Question

what is the strength of the magnetic field at point p in (figure 1)? assume that i = 5.8 a , r1 = 0.70 cm , and r2 = 1.4 cm .

Answer 1

The strength of the magnetic field at point P is 1.2 x 10^-3 T when r = 0.70 cm, and 6.0 x 10^-4 T when r = 1.4 cm.

Step-by-step explanation:

To find the strength of the magnetic field at point P in the figure, we can use the formula for the magnetic field of a current-carrying wire:

B = (μ0 * I) / (2π * r)

where B is the magnetic field, μ0 is the permeability of free space (4π x 10^-7 T*m/A), I is the current, and r is the distance from the wire.

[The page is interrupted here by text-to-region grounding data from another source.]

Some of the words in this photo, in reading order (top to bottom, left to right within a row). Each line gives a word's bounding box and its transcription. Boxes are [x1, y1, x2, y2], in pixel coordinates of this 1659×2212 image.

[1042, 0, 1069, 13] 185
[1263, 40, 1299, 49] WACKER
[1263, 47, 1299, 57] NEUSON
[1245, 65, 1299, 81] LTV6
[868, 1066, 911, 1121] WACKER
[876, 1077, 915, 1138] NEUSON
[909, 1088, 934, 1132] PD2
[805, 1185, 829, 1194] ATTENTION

Given that I = 5.8 A, r1 = 0.70 cm, and r2 = 1.4 cm, we can calculate the magnetic field at point P by plugging these values into the formula for both r1 and r2:

B1 = (4π x 10^-7 T*m/A * 5.8 A) / (2π * 0.007 m) = 1.2 x 10^-3 T

B2 = (4π x 10^-7 T*m/A * 5.8 A) / (2π * 0.014 m) = 6.0 x 10^-4 T

So the magnetic field at point P is stronger at r1 (0.70 cm) than at r2 (1.4 cm).

Answer 2

At a distance of 0.70 cm, the strength is 9.9 × 10⁻⁴ T, and at 1.4 cm, the strength is 4.9 × 10⁻⁴ T.

Step-by-step explanation:

The magnetic field at point P in Figure 1 can be determined using the formula for the magnetic field produced by a current-carrying wire. The formula is:

B = μ0I / (2πr)

Where

B is the magnetic field

μ0 is the permeability of free space (8.4 × 10⁻⁷ T m/A)

I is the current

r is the distance from the wire.

In this case, we have a current (I) of 5.8 A and two distances (r1 = 0.70 cm and r2 = 1.4 cm).

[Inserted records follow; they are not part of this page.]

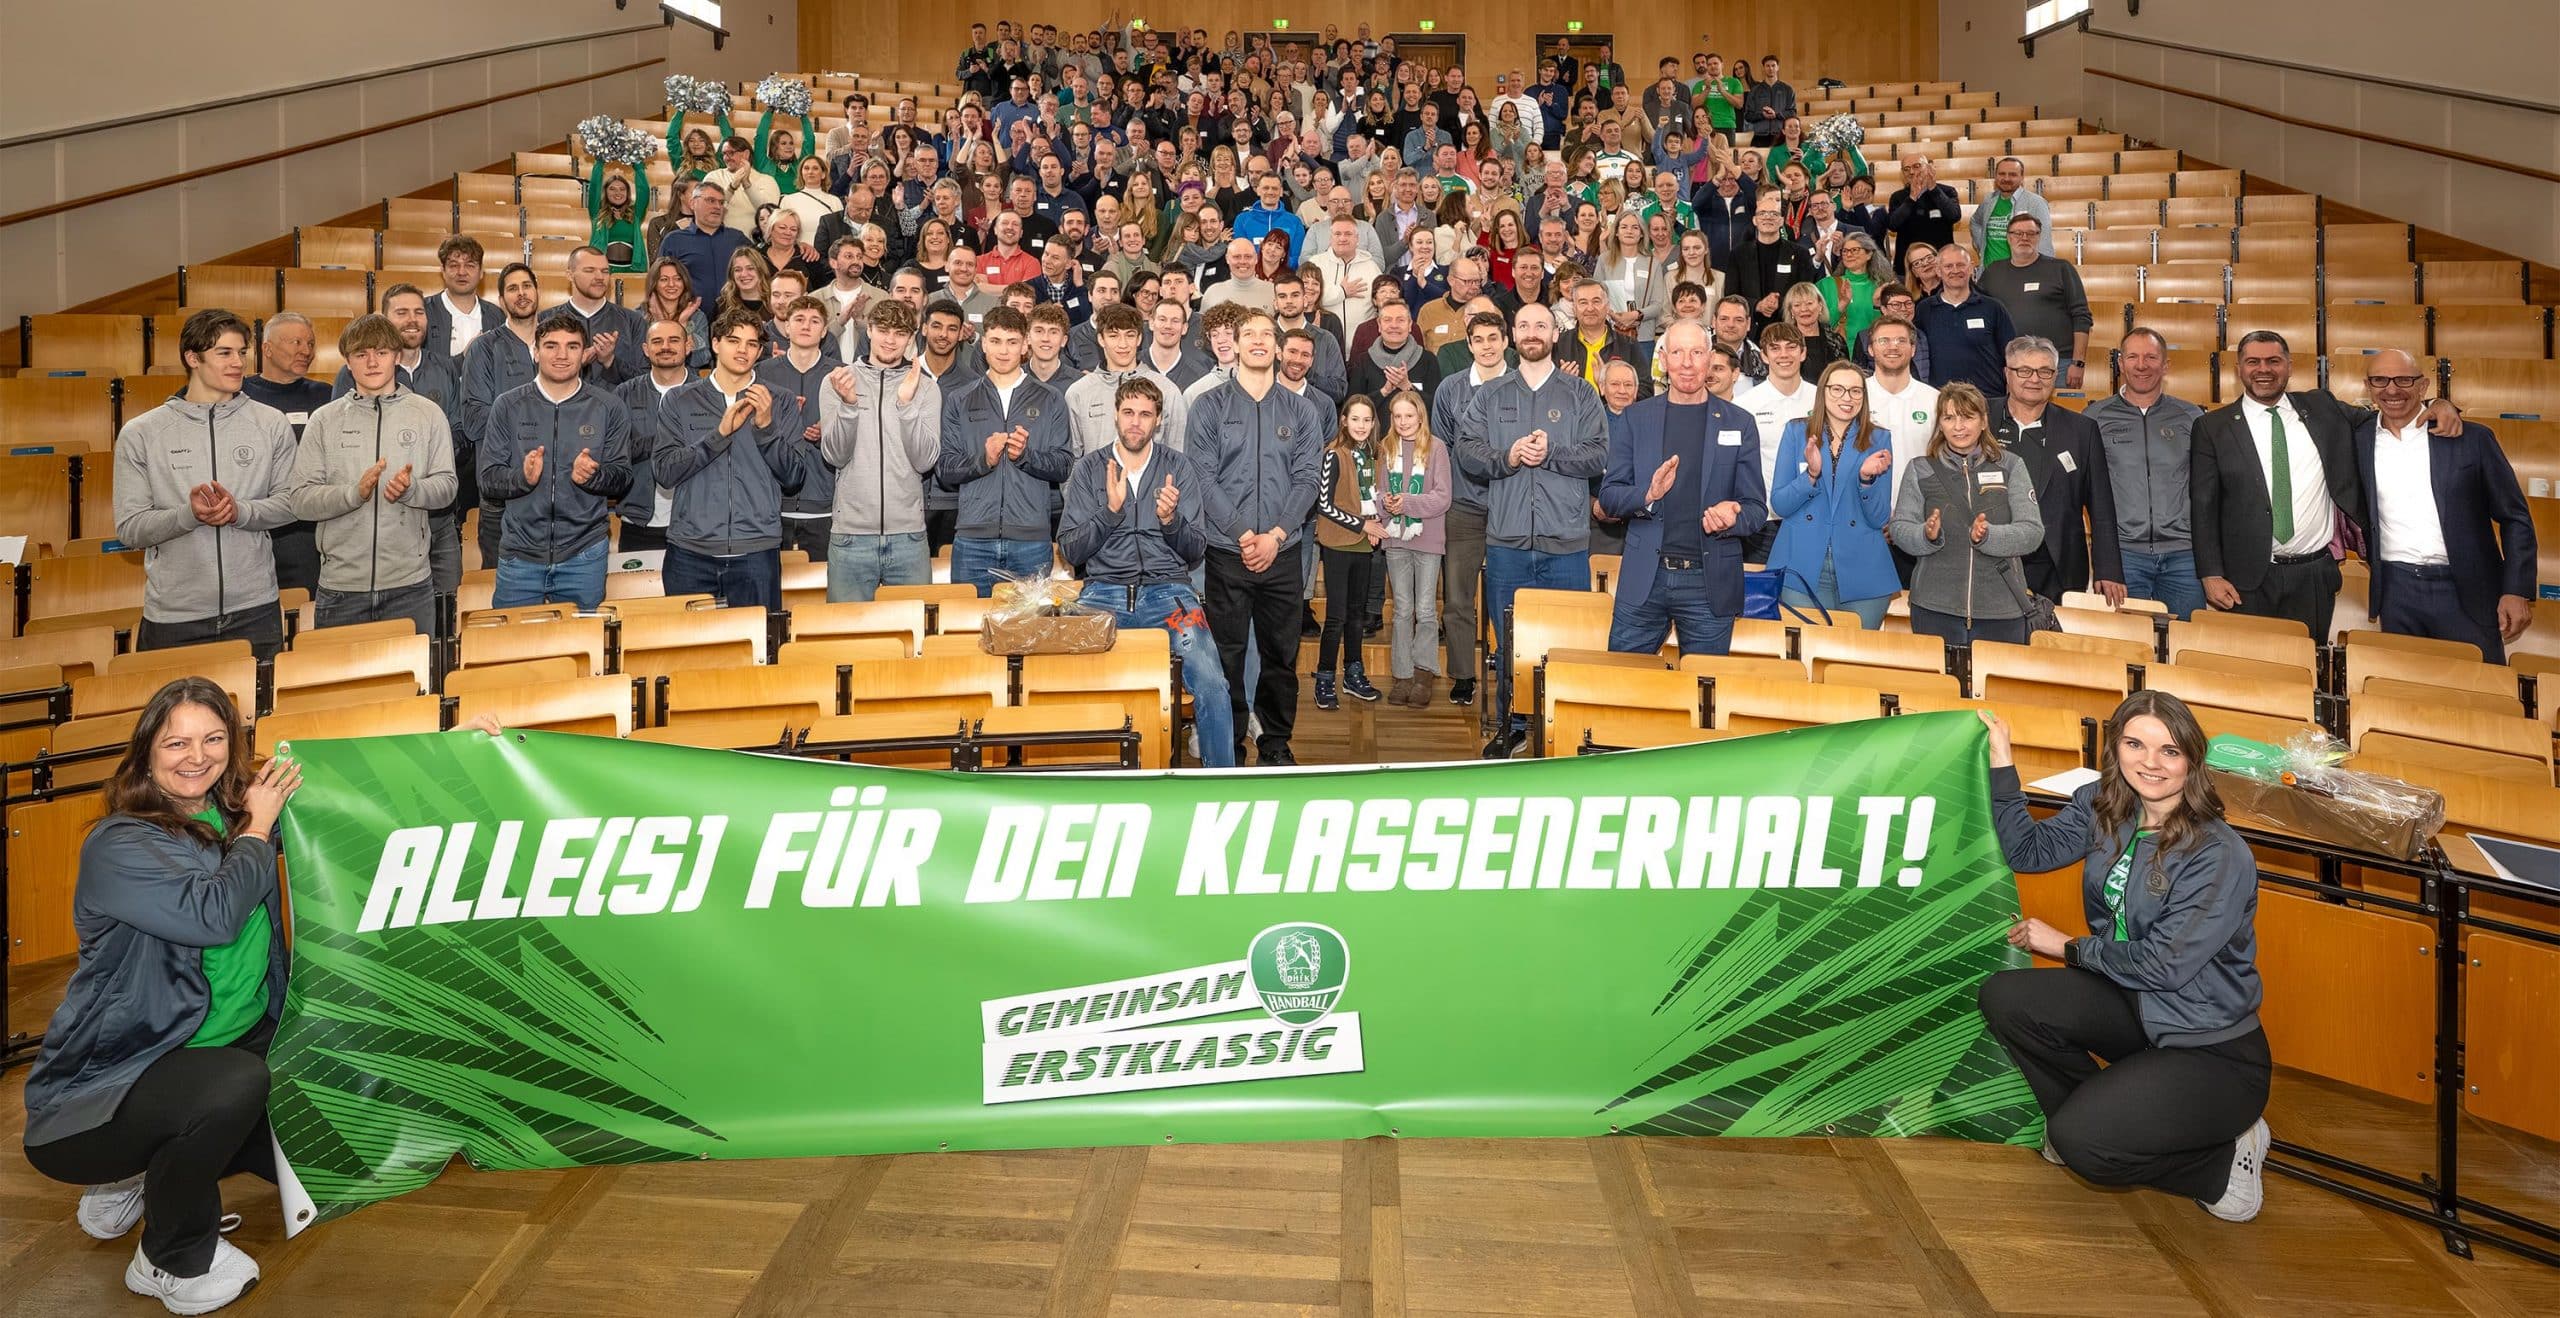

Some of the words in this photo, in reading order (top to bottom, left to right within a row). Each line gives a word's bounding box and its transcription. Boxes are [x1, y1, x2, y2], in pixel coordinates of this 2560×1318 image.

[357, 814, 730, 932] ALLE(S)
[744, 786, 942, 909] FÜR
[965, 802, 1153, 905] DEN
[1175, 794, 1937, 897] KLASSENERHALT!
[996, 970, 1247, 1038] GEMEINSAM
[1267, 993, 1329, 1012] HANDBALL
[996, 1026, 1338, 1088] ERSTKLASSIG

We can use the formula to calculate the magnetic field at each point:

B1 = (8.4 × 10⁻⁷ T m/A × 5.8 A) / (2π × 0.007 m) = 9.9 × 10⁻⁴ T

B2 = (8.4 × 10⁻⁷ T m/A × 5.8 A) / (2π × 0.014 m) = 4.9 × 10⁻⁴ T

Therefore, the strength of the magnetic field at point P is 9.9 × 10⁻⁴ T at 0.70 cm and 4.9 × 10⁻⁴ T at 1.4 cm.